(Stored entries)
Content starts

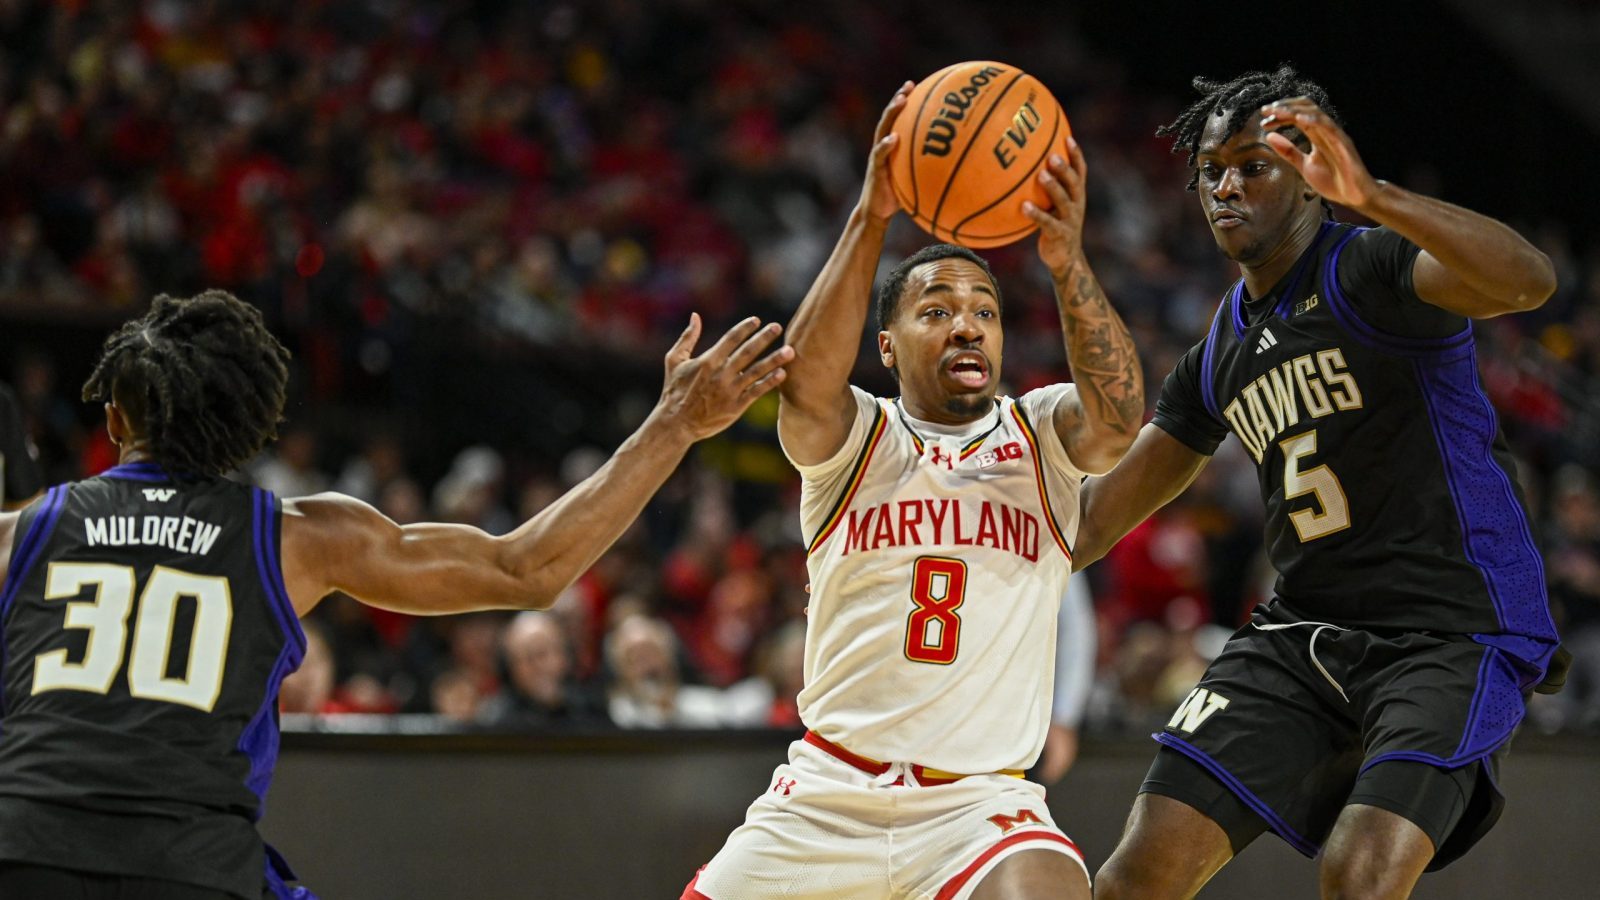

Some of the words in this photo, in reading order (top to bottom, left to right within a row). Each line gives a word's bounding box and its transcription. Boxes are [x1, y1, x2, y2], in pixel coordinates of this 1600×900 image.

[922, 66, 1006, 158] Wilson
[1223, 348, 1363, 465] DAWGS
[142, 488, 177, 502] W
[1279, 429, 1352, 543] 5
[84, 515, 222, 556] MULDREW
[842, 498, 1040, 563] MARYLAND
[30, 561, 234, 713] 30
[904, 555, 968, 666] 8
[1167, 687, 1231, 734] W
[986, 808, 1048, 835] M
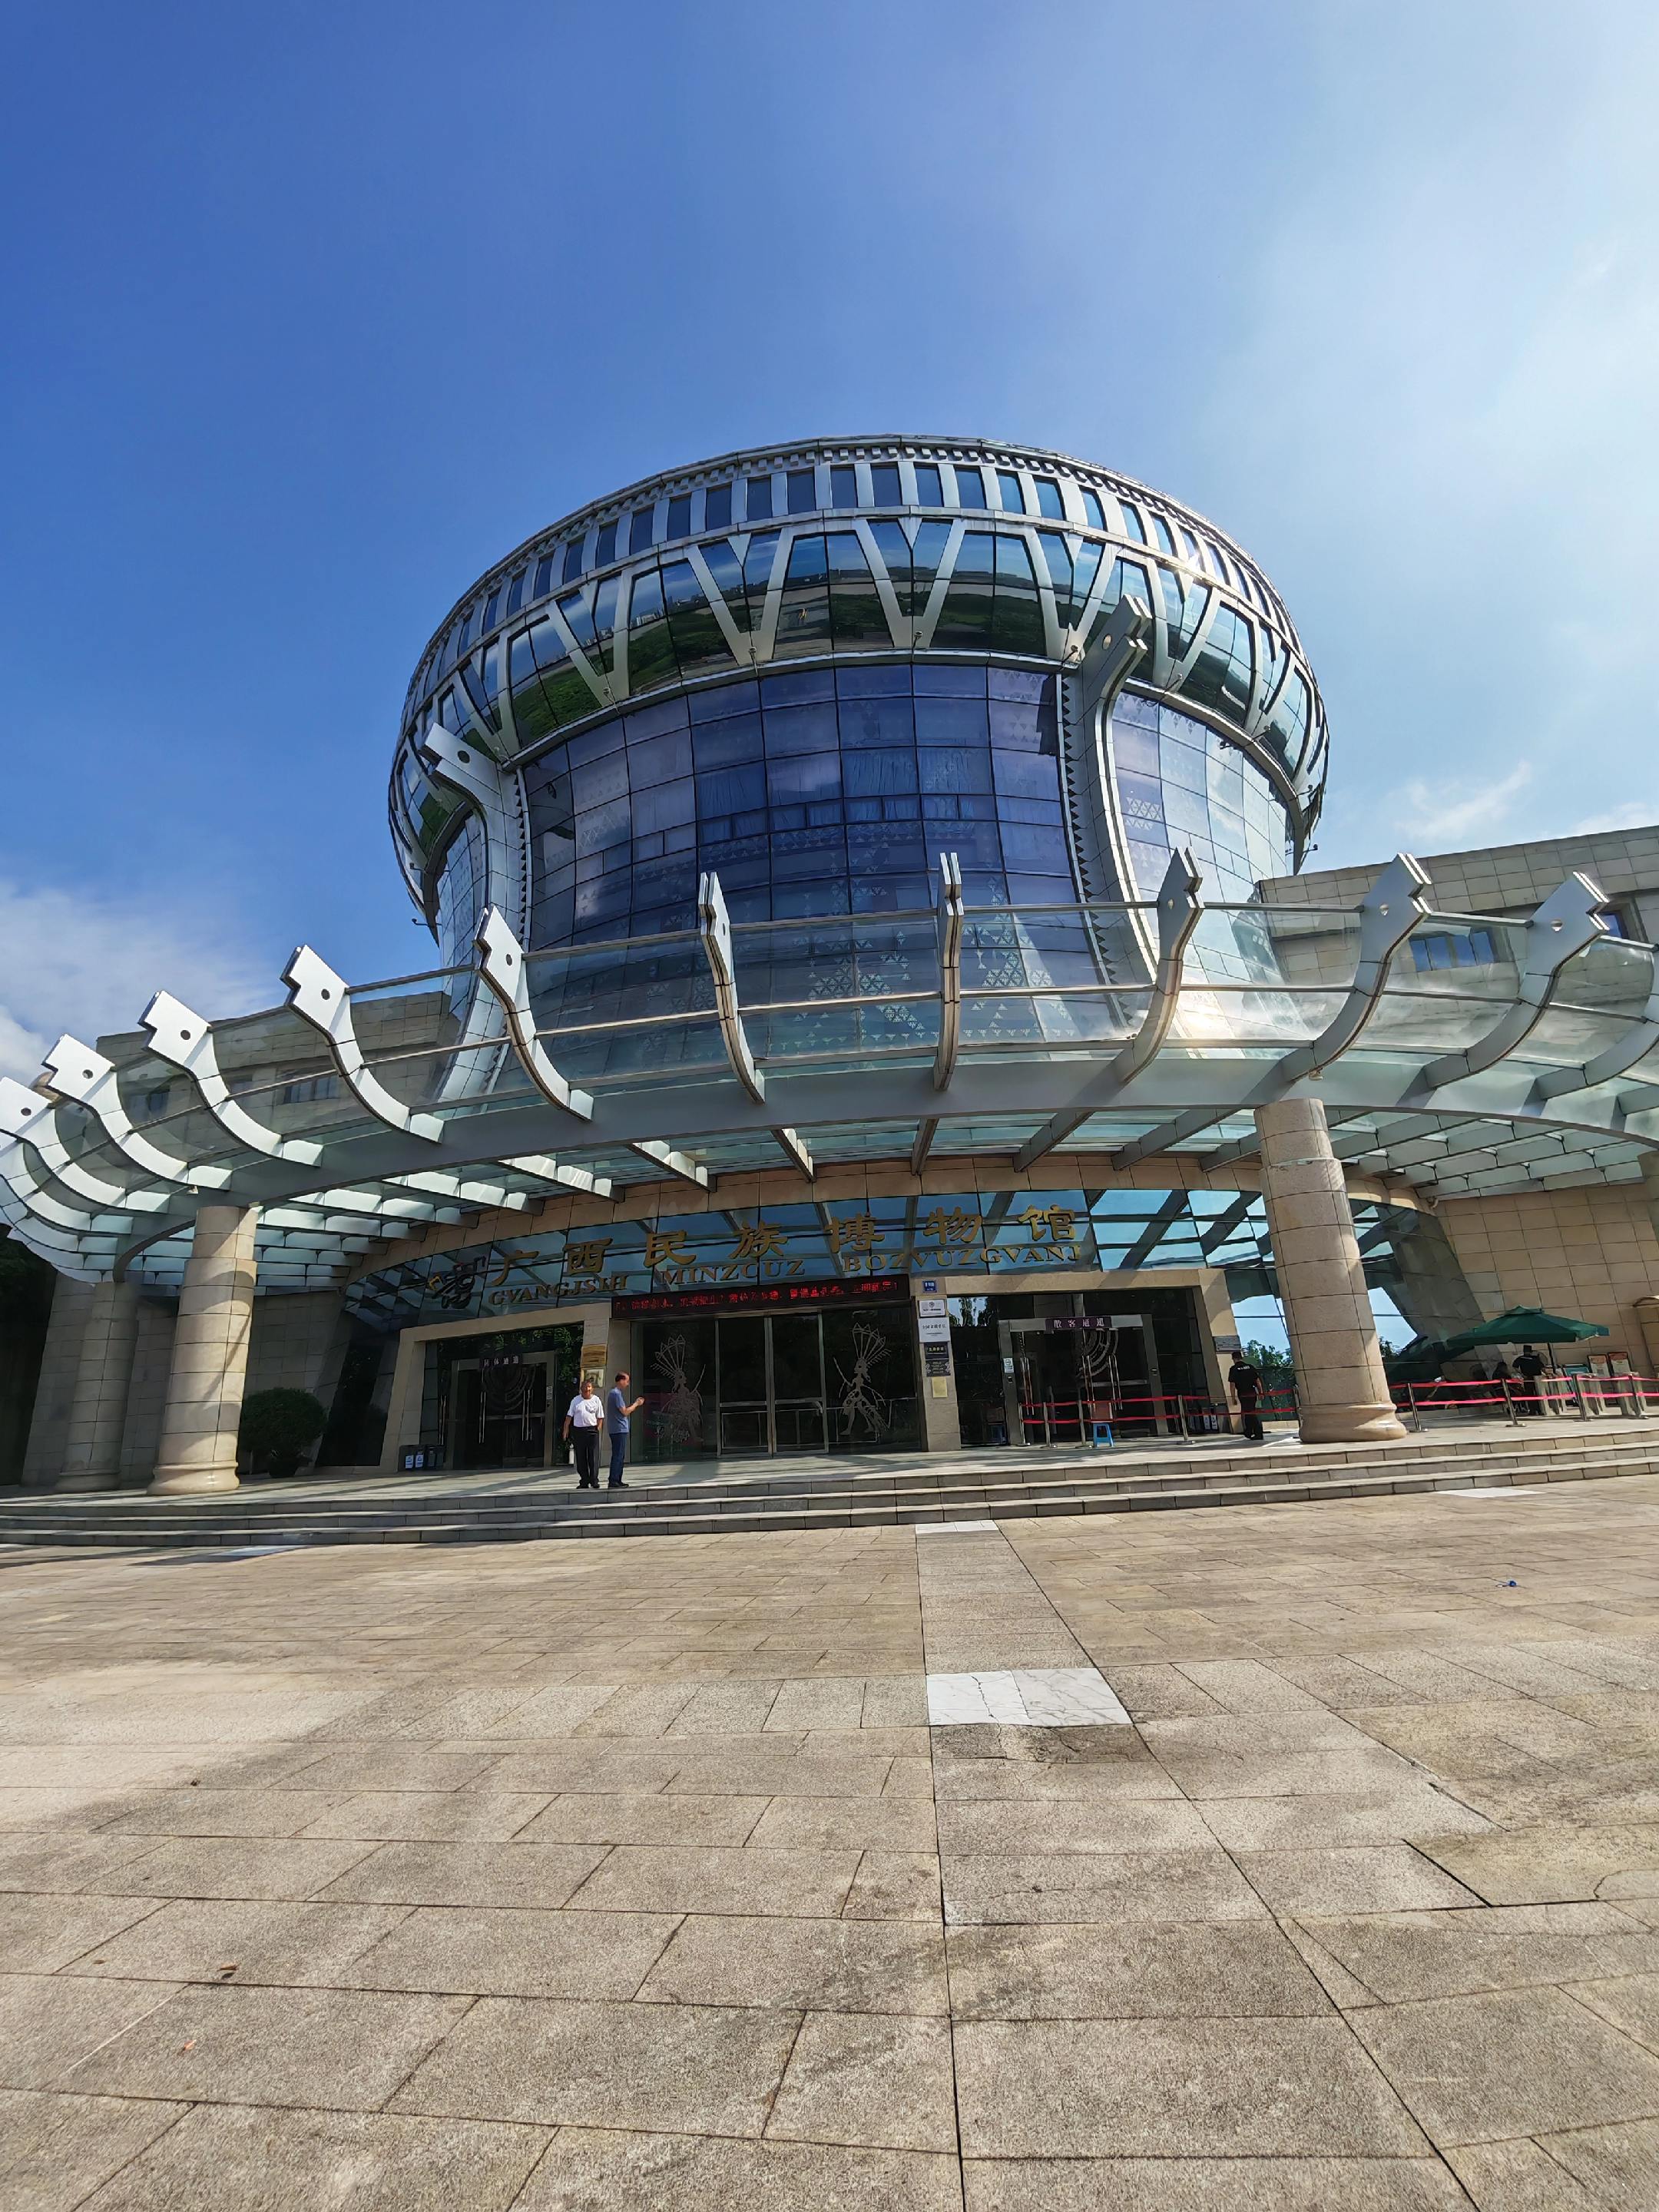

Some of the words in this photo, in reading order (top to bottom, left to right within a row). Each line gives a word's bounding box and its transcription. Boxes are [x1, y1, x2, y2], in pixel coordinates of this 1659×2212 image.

[488, 1274, 629, 1306] GVANGJSIH
[661, 1260, 806, 1285] MINZCUZ
[843, 1245, 1081, 1272] BOZVUZGVANJ
[492, 1204, 1075, 1286] 广西民族博物馆

Content ends

Write out the data above exactly, minus any images.

Some of the words in this photo, in reading order (top to bottom, left to right within a row). Each line gives a word's bounding box and its transcription. Boxes are [x1, y1, x2, y2], in pixel coordinates of this 1600×900 image.

[922, 66, 1006, 158] Wilson
[1223, 348, 1363, 465] DAWGS
[142, 488, 177, 502] W
[1279, 429, 1352, 543] 5
[84, 515, 222, 556] MULDREW
[842, 498, 1040, 563] MARYLAND
[30, 561, 234, 713] 30
[904, 555, 968, 666] 8
[1167, 687, 1231, 734] W
[986, 808, 1048, 835] M

Some of the words in this photo, in reading order (top to bottom, left to right within a row). Each line gives a word's bounding box and its transcription. Boxes are [x1, y1, x2, y2], in pixel coordinates of this 1659×2212 image.

[488, 1274, 629, 1306] GVANGJSIH
[661, 1260, 806, 1285] MINZCUZ
[843, 1245, 1081, 1272] BOZVUZGVANJ
[492, 1204, 1075, 1286] 广西民族博物馆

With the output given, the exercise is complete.